──────── Supplied data ────────

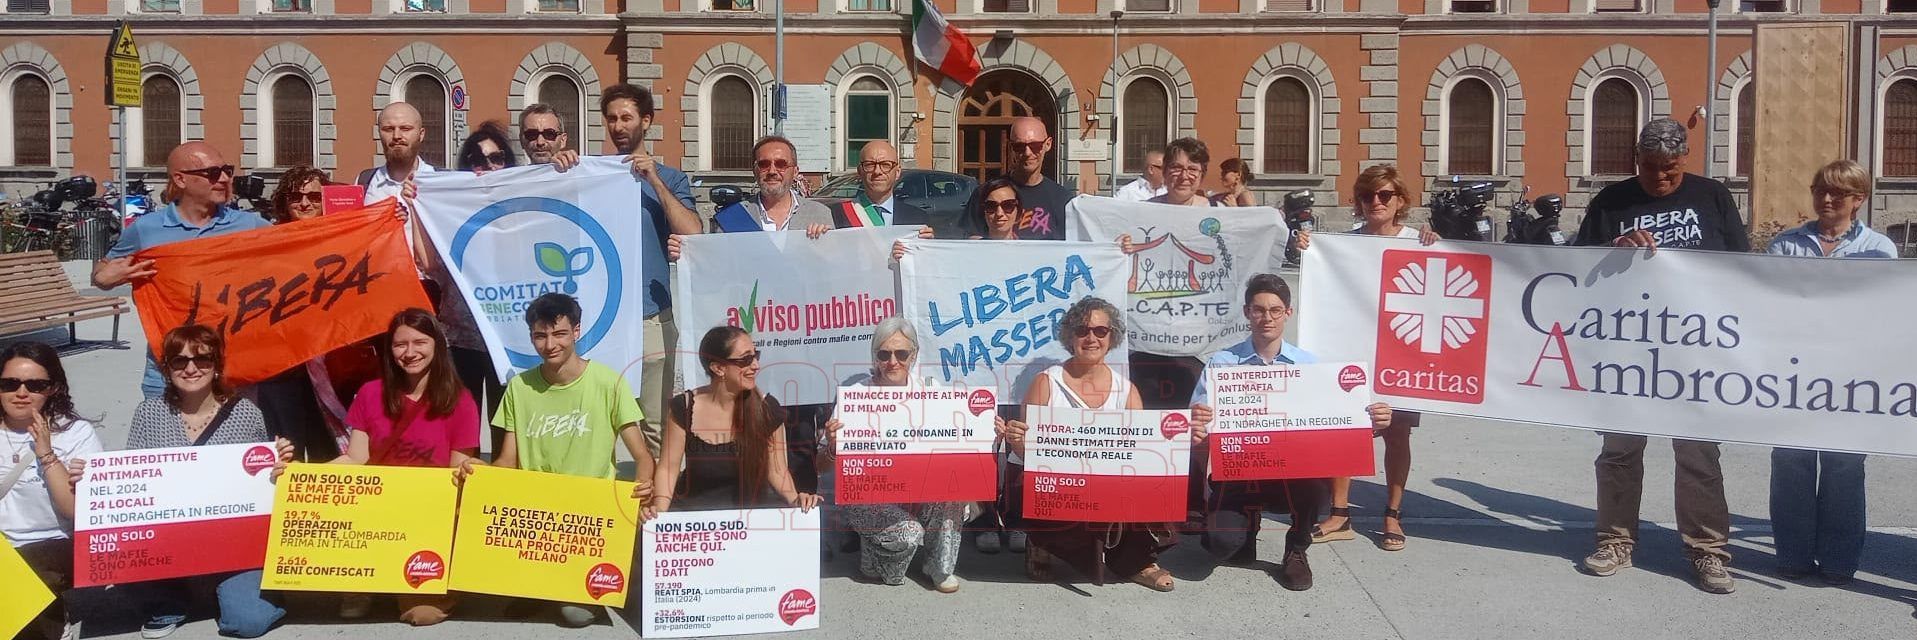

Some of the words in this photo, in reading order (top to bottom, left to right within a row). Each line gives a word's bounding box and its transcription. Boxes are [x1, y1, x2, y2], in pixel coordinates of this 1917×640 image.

[1620, 208, 1699, 235] LIBERA
[928, 255, 1095, 336] LIBERA
[805, 294, 896, 336] pubblico
[1521, 272, 1741, 349] Caritas
[773, 336, 802, 348] Regioni
[804, 336, 828, 345] contro
[858, 334, 873, 342] corr
[938, 308, 1068, 382] MASSER
[1141, 332, 1180, 344] anche
[1183, 335, 1202, 346] per
[1218, 372, 1230, 381] 50
[1232, 370, 1300, 380] INTERDITTIVE
[1517, 321, 1917, 418] Ambrosiana
[1379, 362, 1479, 396] caritas
[1218, 383, 1274, 393] ANTIMAFIA
[844, 392, 890, 400] MINACCE
[892, 392, 904, 400] DI
[906, 392, 938, 400] MORTE
[941, 392, 952, 400] AI
[954, 392, 968, 400] PM
[1218, 396, 1236, 404] NEL
[1238, 396, 1262, 404] 2024
[844, 404, 855, 412] DI
[858, 404, 896, 412] MILANO
[1233, 408, 1268, 416] LOCALI
[1220, 421, 1230, 429] DI
[1296, 418, 1306, 426] IN
[1309, 416, 1352, 426] REGIONE
[844, 430, 881, 438] HYDRA:
[886, 429, 898, 438] 62
[903, 429, 957, 438] CONDANNE
[962, 428, 973, 436] IN
[1037, 424, 1075, 434] HYDRA:
[1078, 426, 1096, 435] 460
[1098, 427, 1140, 436] MILIONI
[1142, 428, 1154, 436] DI
[843, 442, 906, 450] ABBREVIATO
[1036, 436, 1070, 446] DANNI
[1072, 438, 1114, 448] STIMATI
[1116, 440, 1136, 448] PER
[1220, 436, 1242, 445] NON
[1244, 436, 1270, 444] SOLO
[1036, 449, 1098, 459] L'ECONOMIA
[1101, 452, 1132, 460] REALE
[1220, 444, 1244, 453] SUD.
[90, 458, 105, 468] 50
[109, 452, 198, 467] INTERDITTIVE
[842, 458, 864, 468] NON
[866, 458, 893, 467] SOLO
[90, 468, 163, 482] ANTIMAFIA
[842, 467, 866, 476] SUD.
[290, 474, 318, 484] NON
[320, 474, 352, 484] SOLO
[356, 476, 384, 486] SUD.
[1035, 476, 1057, 486] NON
[1059, 478, 1086, 487] SOLO
[90, 487, 112, 496] NEL
[116, 484, 147, 494] 2024
[288, 484, 302, 492] LE
[305, 484, 344, 494] MAFIE
[348, 486, 382, 495] SONO
[1035, 484, 1059, 493] SUD.
[90, 501, 104, 511] 24
[109, 497, 154, 509] LOCALI
[286, 494, 328, 504] ANCHE
[332, 495, 359, 506] QUI.
[90, 516, 103, 526] DI
[189, 508, 202, 517] IN
[205, 503, 255, 516] REGIONE
[310, 511, 320, 520] %
[483, 505, 498, 515] LA
[562, 514, 604, 527] CIVILE
[606, 518, 614, 528] E
[283, 520, 352, 530] OPERAZIONI
[492, 516, 506, 526] LE
[510, 518, 602, 537] ASSOCIAZIONI
[655, 523, 682, 532] NON
[685, 522, 717, 532] SOLO
[720, 520, 748, 530] SUD.
[90, 533, 118, 544] NON
[122, 530, 155, 541] SOLO
[282, 529, 340, 540] SOSPETTE,
[342, 531, 406, 541] LOMBARDIA
[486, 526, 536, 540] STANNO
[540, 534, 554, 542] AL
[558, 534, 606, 548] FIANCO
[655, 534, 668, 542] LE
[672, 532, 710, 542] MAFIE
[714, 531, 748, 541] SONO
[90, 542, 120, 553] SUD.
[280, 538, 314, 548] PRIMA
[317, 539, 329, 548] IN
[332, 540, 368, 549] ITALIA
[485, 536, 522, 549] DELLA
[526, 541, 586, 556] PROCURA
[589, 548, 604, 558] DI
[655, 542, 697, 553] ANCHE
[700, 542, 726, 554] QUI.
[109, 548, 149, 560] MAFIE
[518, 550, 568, 564] MILANO
[90, 560, 126, 572] SONO
[130, 556, 173, 568] ANCHE
[277, 556, 308, 566] 2.616
[655, 560, 668, 568] LO
[672, 558, 714, 568] DICONO
[276, 566, 302, 575] BENI
[306, 566, 375, 577] CONFISCATI
[655, 569, 660, 578] I
[662, 568, 688, 577] DATI
[655, 588, 680, 596] REATI
[704, 586, 744, 594] Lombardia
[746, 586, 768, 594] prima
[655, 596, 674, 604] Italia
[655, 615, 705, 624] ESTORSIONI
[707, 614, 736, 623] rispetto
[746, 612, 774, 620] periodo
[655, 622, 712, 632] pre-pandemico

────────

What you will do
Pull out all lines from the entries above that include the word "ANTIMAFIA".

Completed task
[1218, 383, 1274, 393] ANTIMAFIA
[90, 468, 163, 482] ANTIMAFIA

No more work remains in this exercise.